Learning in the shadow of coal. A Massey energy company coal silo looms over Marsh Fork Elementary. The company wants to build a second silo even closer to the school. (Photo: Jeff Young)

CURWOOD: Back in February of 1972, more than 100 million gallons of toxic liquid waste from coal mining operations broke through a dam in West Virginia’s Logan County and rushed down Buffalo Creek.

SURVIVOR: I took off running and warned the people down the creek as I went that the water was coming. They wouldn’t believe me and I told em’ I said well look there you can see the house coming down the creek, but still they didn’t believe me. There was many lives lost, this is the most tragic thing I’ve ever seen in my life.
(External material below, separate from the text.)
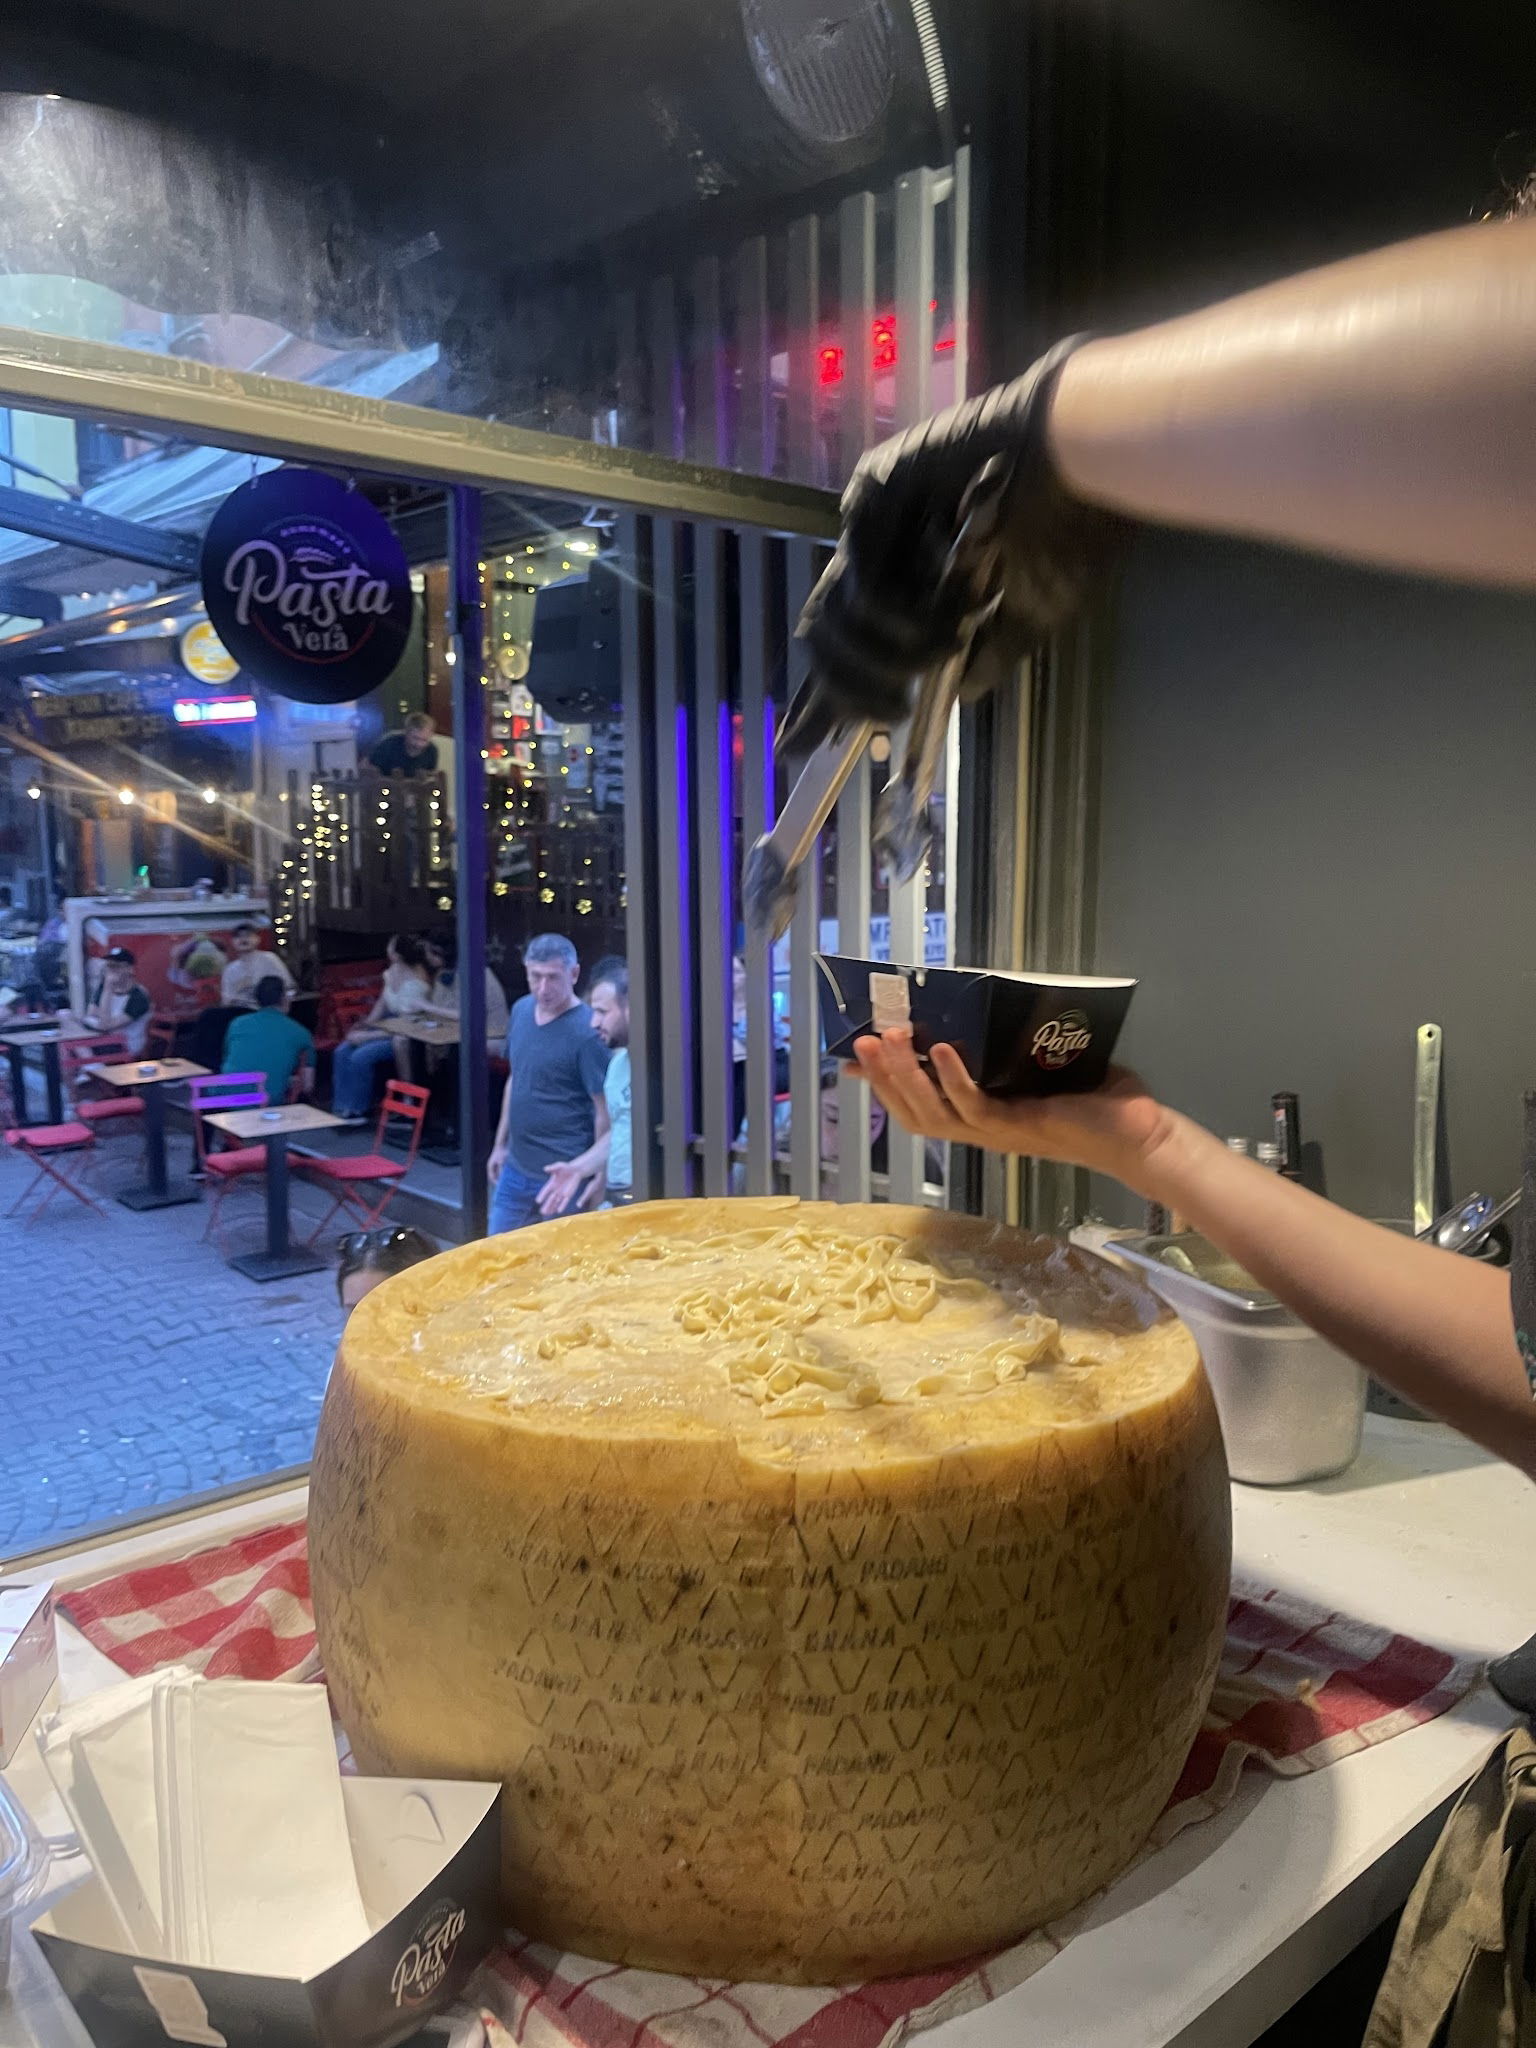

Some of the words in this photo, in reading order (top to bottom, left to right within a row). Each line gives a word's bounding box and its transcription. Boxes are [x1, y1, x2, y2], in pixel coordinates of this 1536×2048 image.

I’m sorry that God let me live to see it.

CURWOOD: The black water tore through the Buffalo Creek ravine killing 127 people injuring more than a thousand and destroying more than five hundred homes. Out of the Buffalo Creek disaster came improved standards and oversight of what are known as coal “slurry impoundments.” But safety and environmental concerns persist to this day. There are still roughly 150 of these toxic lagoons in the region, many of them associated with what are known as mountaintop removal coal mines. Folks in the tiny West Virginia community of Marsh Fork are especially concerned about a massive coal slurry impoundment: If the dam should break it would almost instantly flood the local elementary school. Living on Earth’s Jeff Young traveled to Marsh Fork for the latest story in our series, Generating Controversy: the Changing Climate of Coal.

[FEET TRAMPING, BREATHING SOUNDS]

YOUNG: For a grandpa, Ed Wiley can cover a lot of ground. I can barely keep his wiry frame and camouflage cap in view as we hoof up a ridge near his home. He has mercy and stops for a swig of water.

WILEY: I’m winded, too.

YOUNG: You’re just saying that to make me feel good.

[BIRD SONG]

YOUNG: A thrush and cardinal sing in the oak and hickories; May apples and fiddlehead curls of fern hide our boots. Wiley walks these woods a lot, looking for bear or turkey, mushrooms or ginseng, or sometimes, just peace of mind.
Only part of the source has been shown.